> [AIM OF THE EXERCISE] Please set down every record exactly as it appears below.
GIVEN DATA Block Start
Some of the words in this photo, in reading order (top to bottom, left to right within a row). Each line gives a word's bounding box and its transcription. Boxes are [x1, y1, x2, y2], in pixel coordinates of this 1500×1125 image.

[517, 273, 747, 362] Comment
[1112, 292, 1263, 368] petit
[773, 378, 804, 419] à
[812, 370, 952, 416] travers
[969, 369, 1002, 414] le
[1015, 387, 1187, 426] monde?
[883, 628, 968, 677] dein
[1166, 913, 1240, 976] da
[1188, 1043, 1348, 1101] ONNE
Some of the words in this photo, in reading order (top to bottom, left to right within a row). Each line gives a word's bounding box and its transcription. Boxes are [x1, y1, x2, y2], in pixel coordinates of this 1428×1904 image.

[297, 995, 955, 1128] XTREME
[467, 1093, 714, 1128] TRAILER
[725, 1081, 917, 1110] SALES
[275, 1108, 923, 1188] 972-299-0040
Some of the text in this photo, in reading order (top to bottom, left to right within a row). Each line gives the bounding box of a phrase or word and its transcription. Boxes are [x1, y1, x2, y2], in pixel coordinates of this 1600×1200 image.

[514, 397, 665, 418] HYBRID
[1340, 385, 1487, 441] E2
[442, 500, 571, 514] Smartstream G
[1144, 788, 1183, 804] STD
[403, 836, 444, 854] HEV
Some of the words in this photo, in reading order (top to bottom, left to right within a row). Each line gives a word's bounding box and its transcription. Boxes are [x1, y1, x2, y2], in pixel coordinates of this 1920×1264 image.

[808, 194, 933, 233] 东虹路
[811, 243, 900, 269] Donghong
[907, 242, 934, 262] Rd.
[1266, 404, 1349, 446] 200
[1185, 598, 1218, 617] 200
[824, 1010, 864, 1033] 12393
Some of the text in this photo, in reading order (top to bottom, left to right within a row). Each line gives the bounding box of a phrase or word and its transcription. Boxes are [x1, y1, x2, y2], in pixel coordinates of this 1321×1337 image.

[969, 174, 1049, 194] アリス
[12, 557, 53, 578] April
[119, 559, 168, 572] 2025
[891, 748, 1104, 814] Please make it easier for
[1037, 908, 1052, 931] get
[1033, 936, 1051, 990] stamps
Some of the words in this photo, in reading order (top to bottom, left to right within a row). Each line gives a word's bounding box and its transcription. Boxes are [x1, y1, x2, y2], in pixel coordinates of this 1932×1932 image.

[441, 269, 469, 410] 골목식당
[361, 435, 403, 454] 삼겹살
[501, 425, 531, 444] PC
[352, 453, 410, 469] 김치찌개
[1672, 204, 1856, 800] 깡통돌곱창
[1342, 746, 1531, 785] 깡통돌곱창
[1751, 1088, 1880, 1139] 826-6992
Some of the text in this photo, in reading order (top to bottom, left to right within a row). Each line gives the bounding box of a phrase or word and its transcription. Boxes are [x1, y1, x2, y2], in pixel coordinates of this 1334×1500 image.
GIVEN DATA Block End
> [RESULT OF THIS TASK]
Some of the words in this photo, in reading order (top to bottom, left to right within a row). Each line gives a word's bounding box and its transcription. Boxes are [x1, y1, x2, y2], in pixel coordinates of this 1500×1125 image.

[517, 273, 747, 362] Comment
[1112, 292, 1263, 368] petit
[773, 378, 804, 419] à
[812, 370, 952, 416] travers
[969, 369, 1002, 414] le
[1015, 387, 1187, 426] monde?
[883, 628, 968, 677] dein
[1166, 913, 1240, 976] da
[1188, 1043, 1348, 1101] ONNE
Some of the words in this photo, in reading order (top to bottom, left to right within a row). Each line gives a word's bounding box and its transcription. Boxes are [x1, y1, x2, y2], in pixel coordinates of this 1428×1904 image.

[297, 995, 955, 1128] XTREME
[467, 1093, 714, 1128] TRAILER
[725, 1081, 917, 1110] SALES
[275, 1108, 923, 1188] 972-299-0040
Some of the text in this photo, in reading order (top to bottom, left to right within a row). Each line gives the bounding box of a phrase or word and its transcription. Boxes are [x1, y1, x2, y2], in pixel coordinates of this 1600×1200 image.

[514, 397, 665, 418] HYBRID
[1340, 385, 1487, 441] E2
[442, 500, 571, 514] Smartstream G
[1144, 788, 1183, 804] STD
[403, 836, 444, 854] HEV
Some of the words in this photo, in reading order (top to bottom, left to right within a row). Each line gives a word's bounding box and its transcription. Boxes are [x1, y1, x2, y2], in pixel coordinates of this 1920×1264 image.

[808, 194, 933, 233] 东虹路
[811, 243, 900, 269] Donghong
[907, 242, 934, 262] Rd.
[1266, 404, 1349, 446] 200
[1185, 598, 1218, 617] 200
[824, 1010, 864, 1033] 12393
Some of the text in this photo, in reading order (top to bottom, left to right within a row). Each line gives the bounding box of a phrase or word and its transcription. Boxes are [x1, y1, x2, y2], in pixel coordinates of this 1321×1337 image.

[969, 174, 1049, 194] アリス
[12, 557, 53, 578] April
[119, 559, 168, 572] 2025
[891, 748, 1104, 814] Please make it easier for
[1037, 908, 1052, 931] get
[1033, 936, 1051, 990] stamps
Some of the words in this photo, in reading order (top to bottom, left to right within a row). Each line gives a word's bounding box and its transcription. Boxes are [x1, y1, x2, y2], in pixel coordinates of this 1932×1932 image.

[441, 269, 469, 410] 골목식당
[361, 435, 403, 454] 삼겹살
[501, 425, 531, 444] PC
[352, 453, 410, 469] 김치찌개
[1672, 204, 1856, 800] 깡통돌곱창
[1342, 746, 1531, 785] 깡통돌곱창
[1751, 1088, 1880, 1139] 826-6992
Some of the text in this photo, in reading order (top to bottom, left to right within a row). Each line gives the bounding box of a phrase or word and its transcription. Boxes are [x1, y1, x2, y2], in pixel coordinates of this 1334×1500 image.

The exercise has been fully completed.